# [Your assignment]
Give the lines again, unchanged, starting with the line containing "Some of the words" and ending with the last line of the data below.

# [Input data]
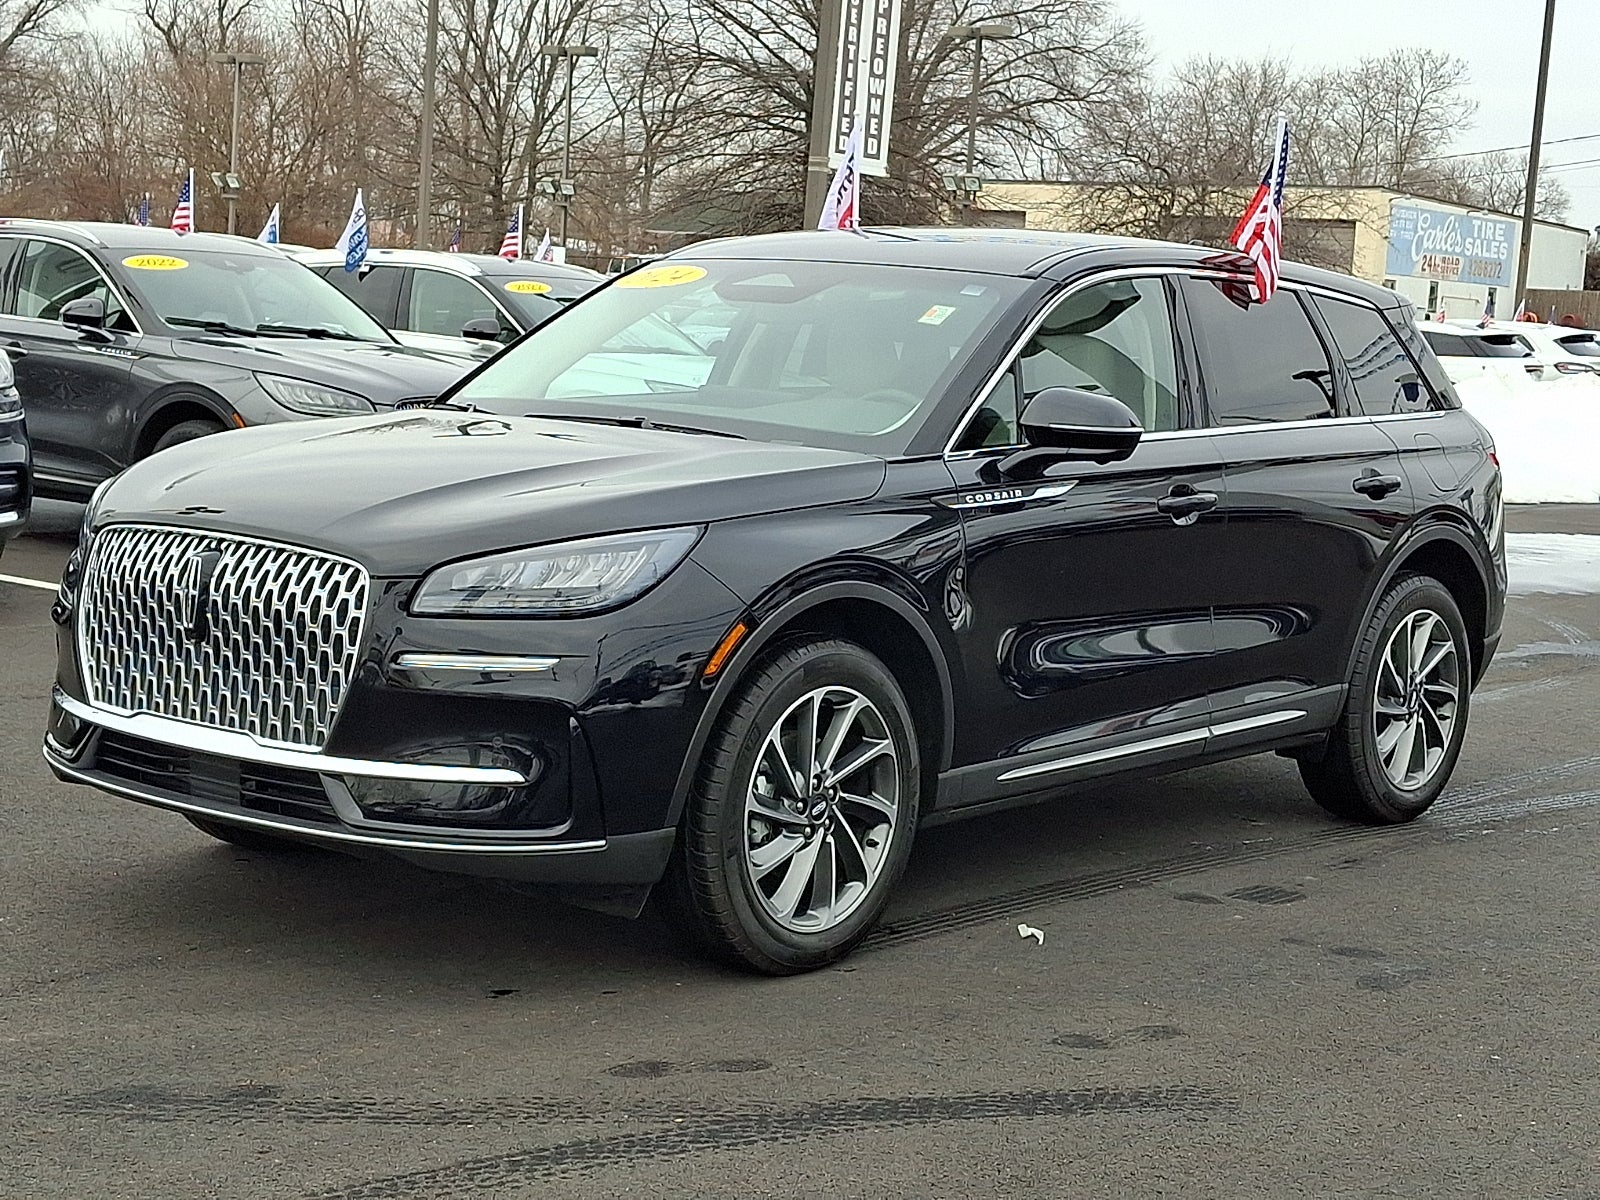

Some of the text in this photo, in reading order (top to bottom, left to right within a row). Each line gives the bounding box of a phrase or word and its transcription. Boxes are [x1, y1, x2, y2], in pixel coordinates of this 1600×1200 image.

[867, 0, 889, 155] PREOWNED
[1411, 212, 1464, 262] Earle's
[1472, 219, 1506, 241] TIRE
[1464, 238, 1508, 260] SALES
[136, 259, 177, 267] 2022
[965, 489, 1023, 503] CORSAIR
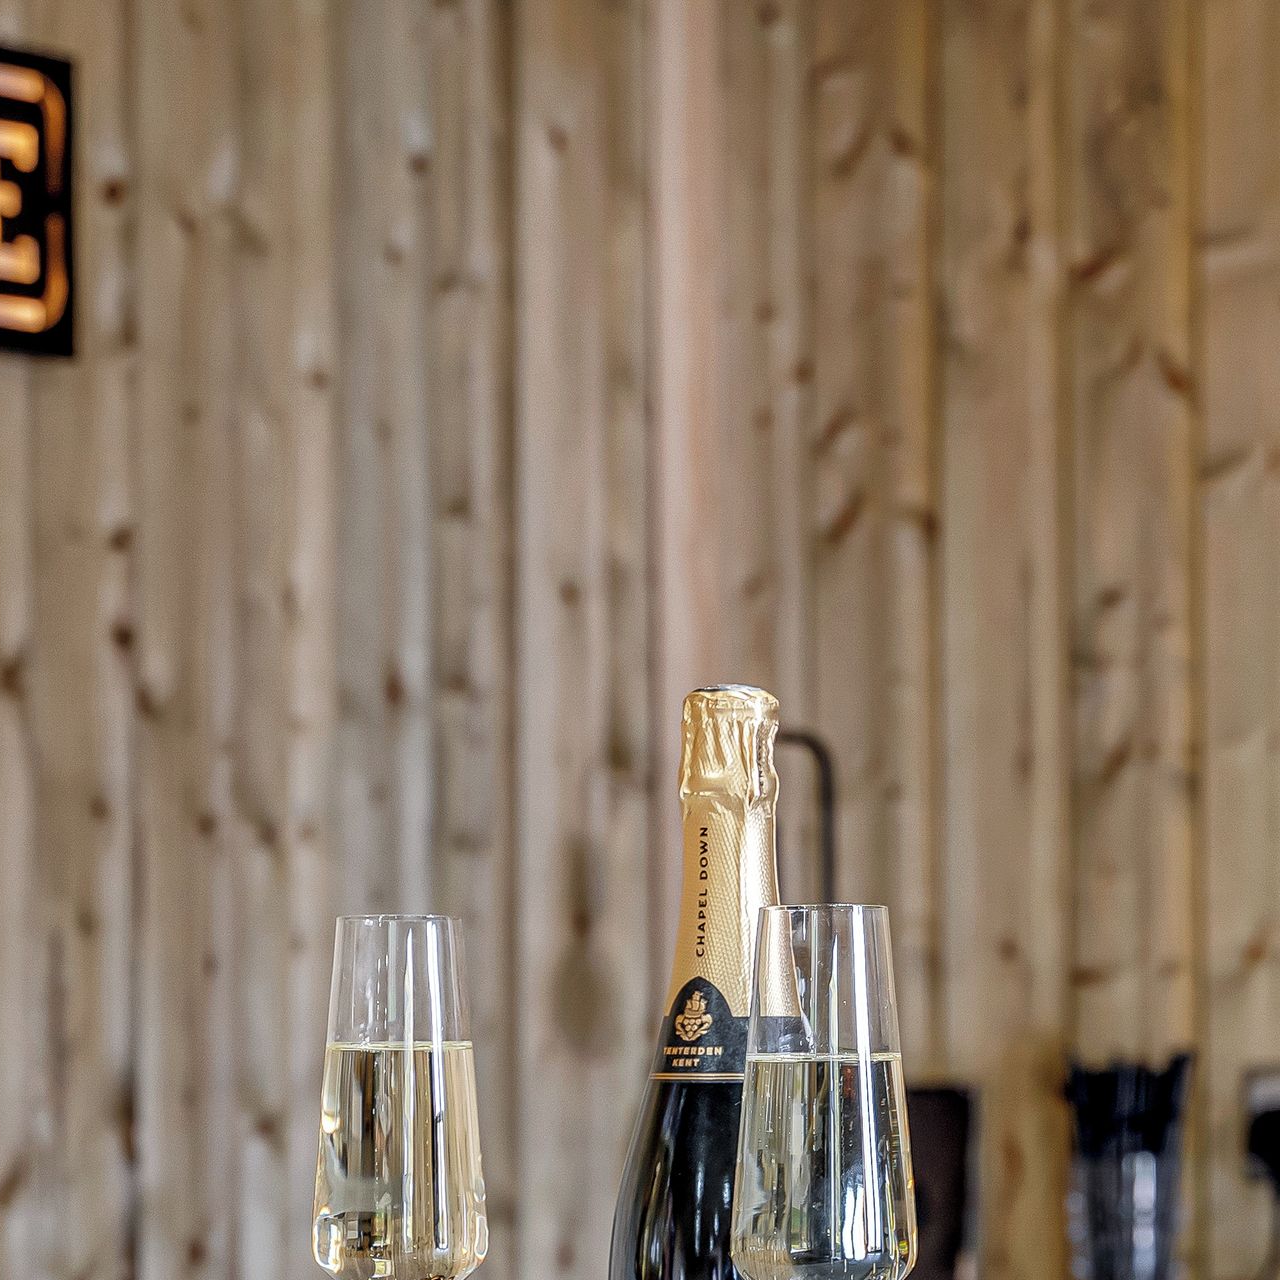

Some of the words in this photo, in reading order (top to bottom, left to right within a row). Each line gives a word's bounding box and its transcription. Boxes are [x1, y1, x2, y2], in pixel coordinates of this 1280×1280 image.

[699, 827, 709, 880] DOWN
[696, 888, 708, 957] CHAPEL
[663, 1046, 723, 1056] TENTERDEN
[671, 1058, 700, 1067] KENT

# [Reply to the exercise]
Some of the words in this photo, in reading order (top to bottom, left to right within a row). Each line gives a word's bounding box and its transcription. Boxes are [x1, y1, x2, y2], in pixel coordinates of this 1280×1280 image.

[699, 827, 709, 880] DOWN
[696, 888, 708, 957] CHAPEL
[663, 1046, 723, 1056] TENTERDEN
[671, 1058, 700, 1067] KENT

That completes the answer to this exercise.